With the creation of AI applications like ChatGPT and other similar technological advancements, there is a sudden rise in litigants representing themselves. Self-represented litigants can now produce sophisticated-looking filings without having to purchase and invest in expensive products.

According to the New York Times, judges and opposing counsel alike are struggling with the impact of an increase in pro se litigation, together with volumes of filing, fueled by AI tools.

Representing oneself in legal proceedings is one of American law’s oldest rights. It is true that some people act pro se because they refuse to listen to attorneys.  In the past, pro se litigants had to rely on templates, sometimes even in their own handwriting and whatever legal research they could do in law libraries or internet searches. Before ChatGPT many might have given up on their claims, regardless of their merits. Today, with technologies assistance, litigants can produce pages and pages of work product, offering options for motion practice that a pro se litigant might not have dreamed of otherwise.

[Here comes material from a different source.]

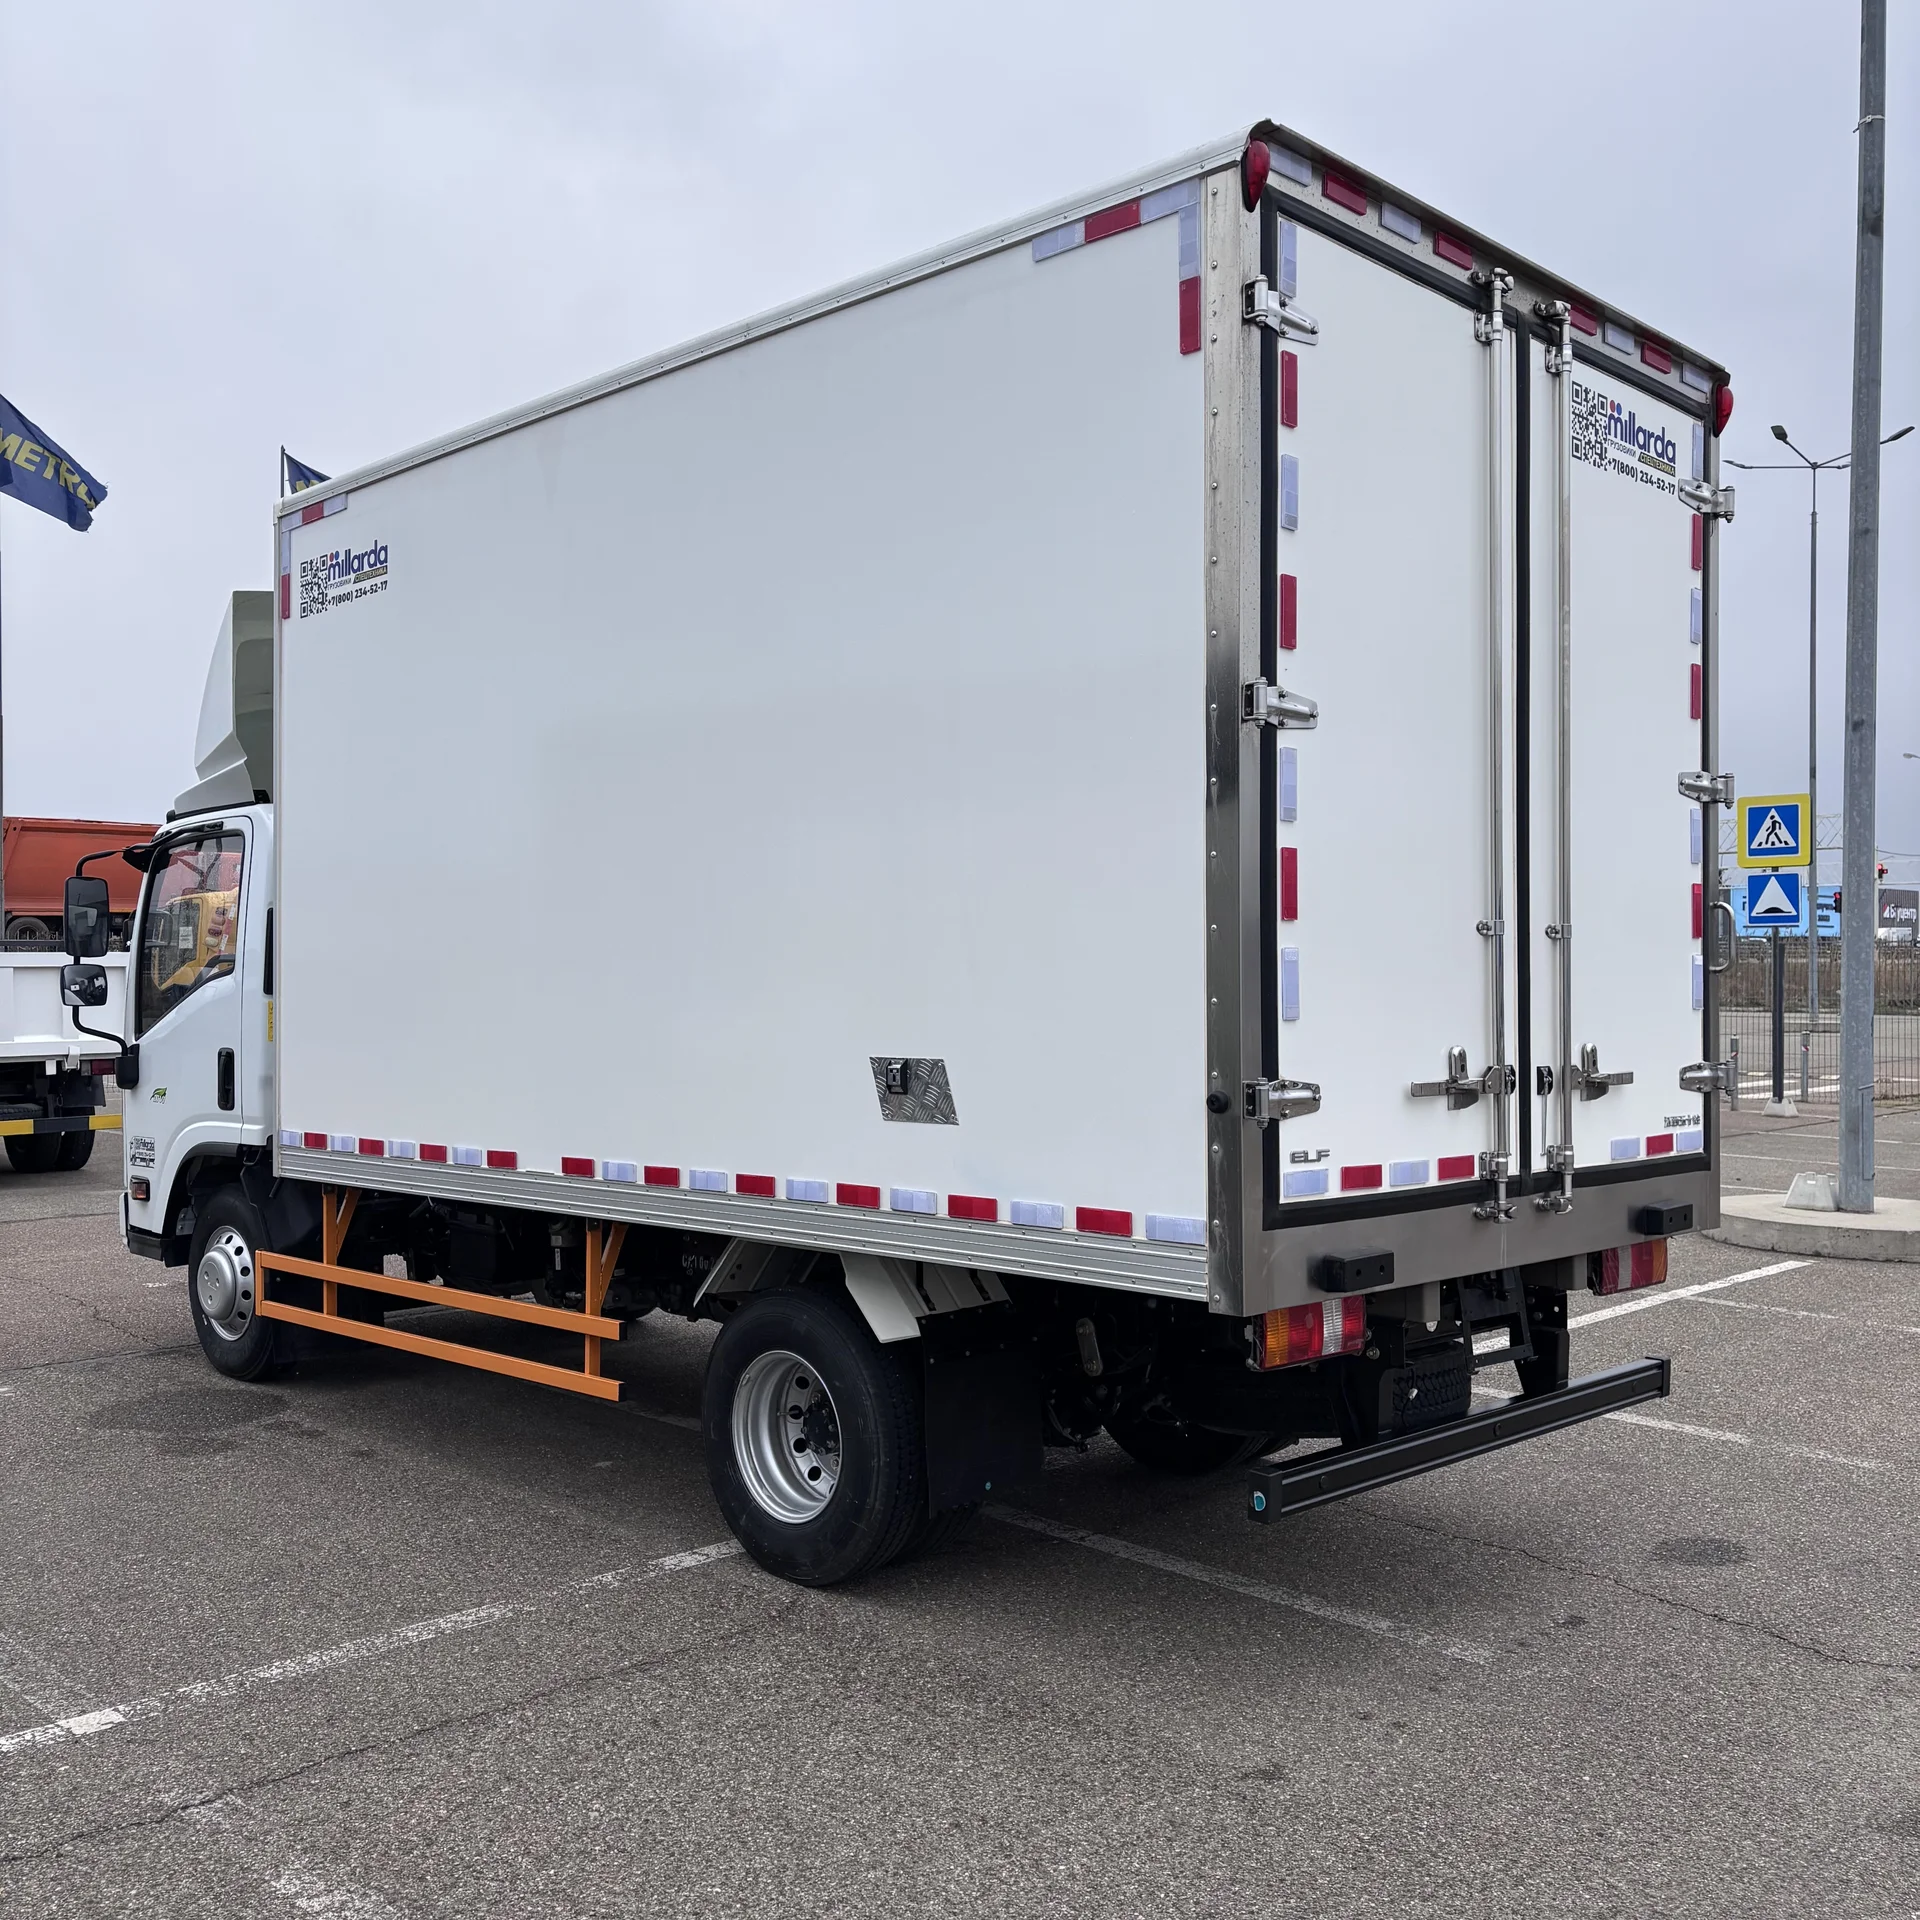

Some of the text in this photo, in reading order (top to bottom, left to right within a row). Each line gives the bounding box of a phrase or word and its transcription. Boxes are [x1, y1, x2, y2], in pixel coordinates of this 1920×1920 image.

Even when a pro se litigant pays nothing to create their filings, they have a cost. Judges, opposing parties, and court staff must handle them: docketing them, taking the appropriate actions, reviewing their arguments, and drafting responses. All this takes time and money for everyone involved, and those resources are wasted on filings that cite “AI hallucinations” or simply drag out the proceedings.

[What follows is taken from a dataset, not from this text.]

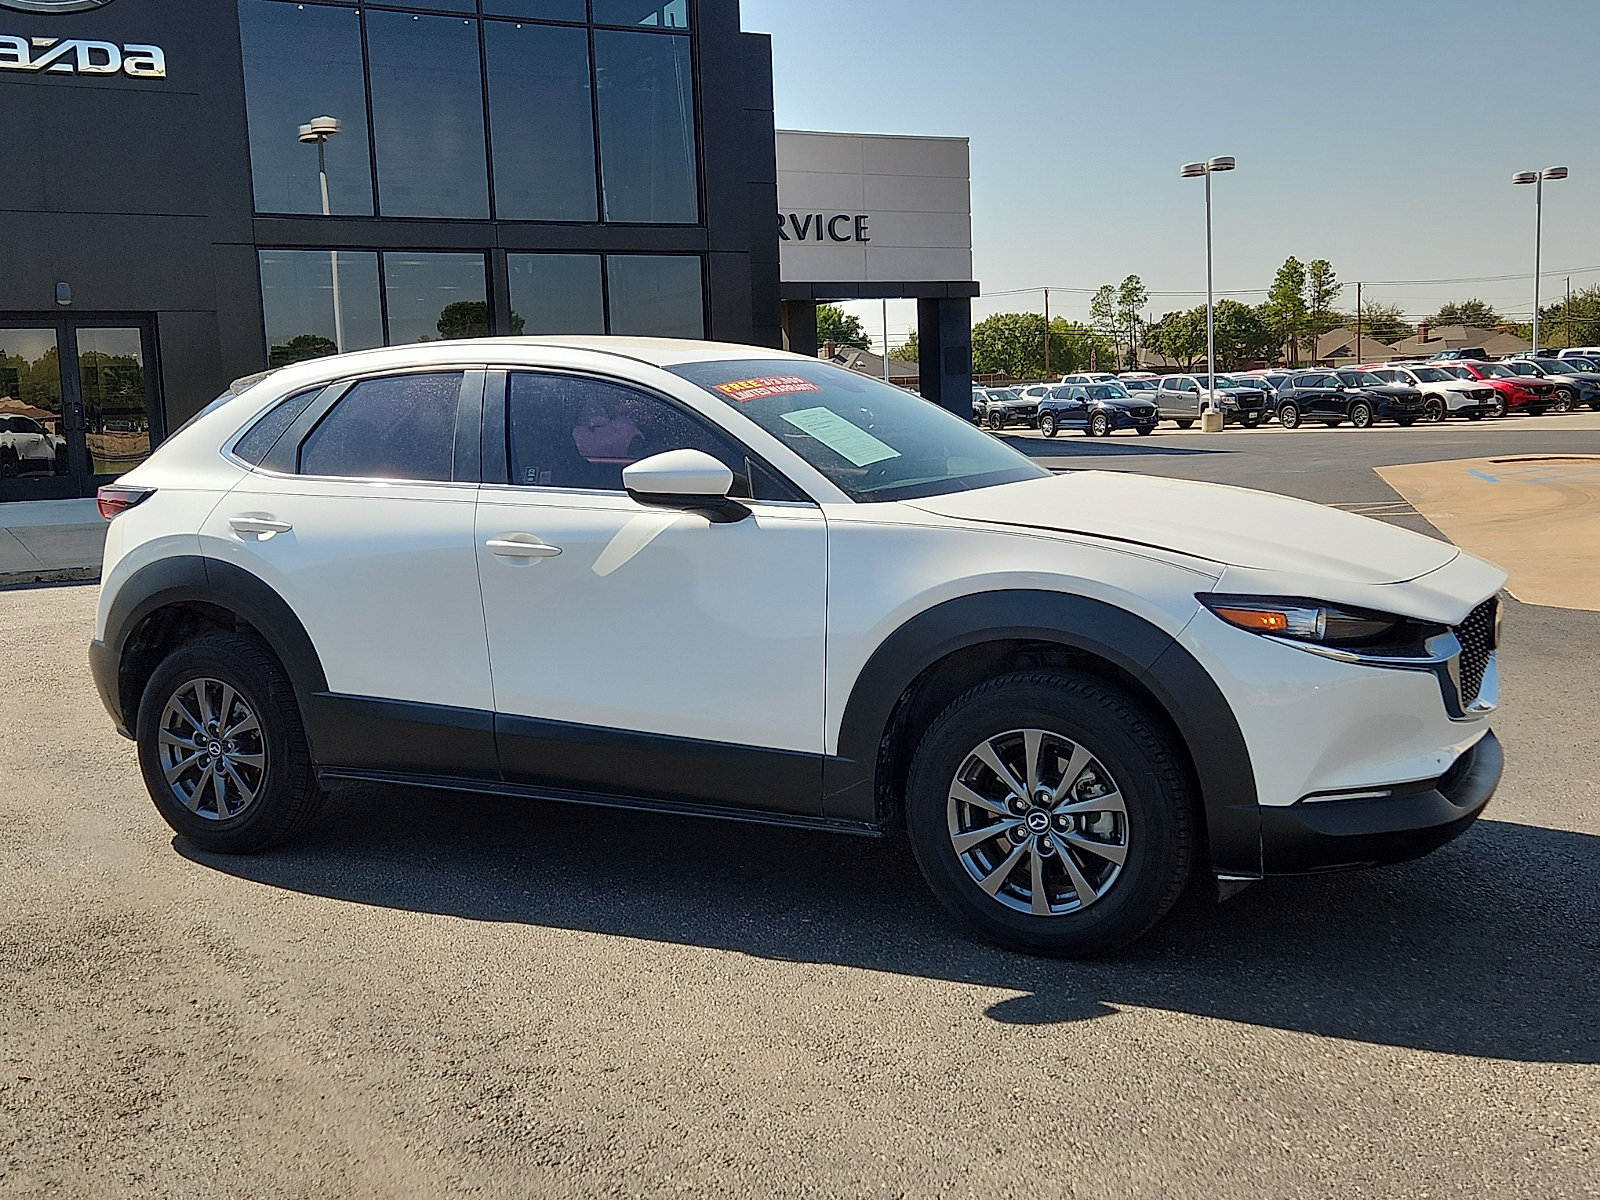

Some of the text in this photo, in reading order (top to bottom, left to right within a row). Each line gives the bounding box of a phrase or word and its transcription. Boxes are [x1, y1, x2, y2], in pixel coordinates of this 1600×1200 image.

[719, 380, 762, 393] FREE
[731, 383, 819, 401] LIMITED WARRANTY

States, courts, and private parties are pushing back as they can. Some courts have issued standing orders governing the use of AI. The NYT points to the U.S. District Court for the Middle District of Georgia, which cautions pro se litigants that the court can sanction them for inaccurate filings or those that “harass, cause unnecessary delay, or needlessly increase the cost of litigation.” One judge in the Northern District of Ohio has an order forbidding AI use entirely in matters he oversees in federal court.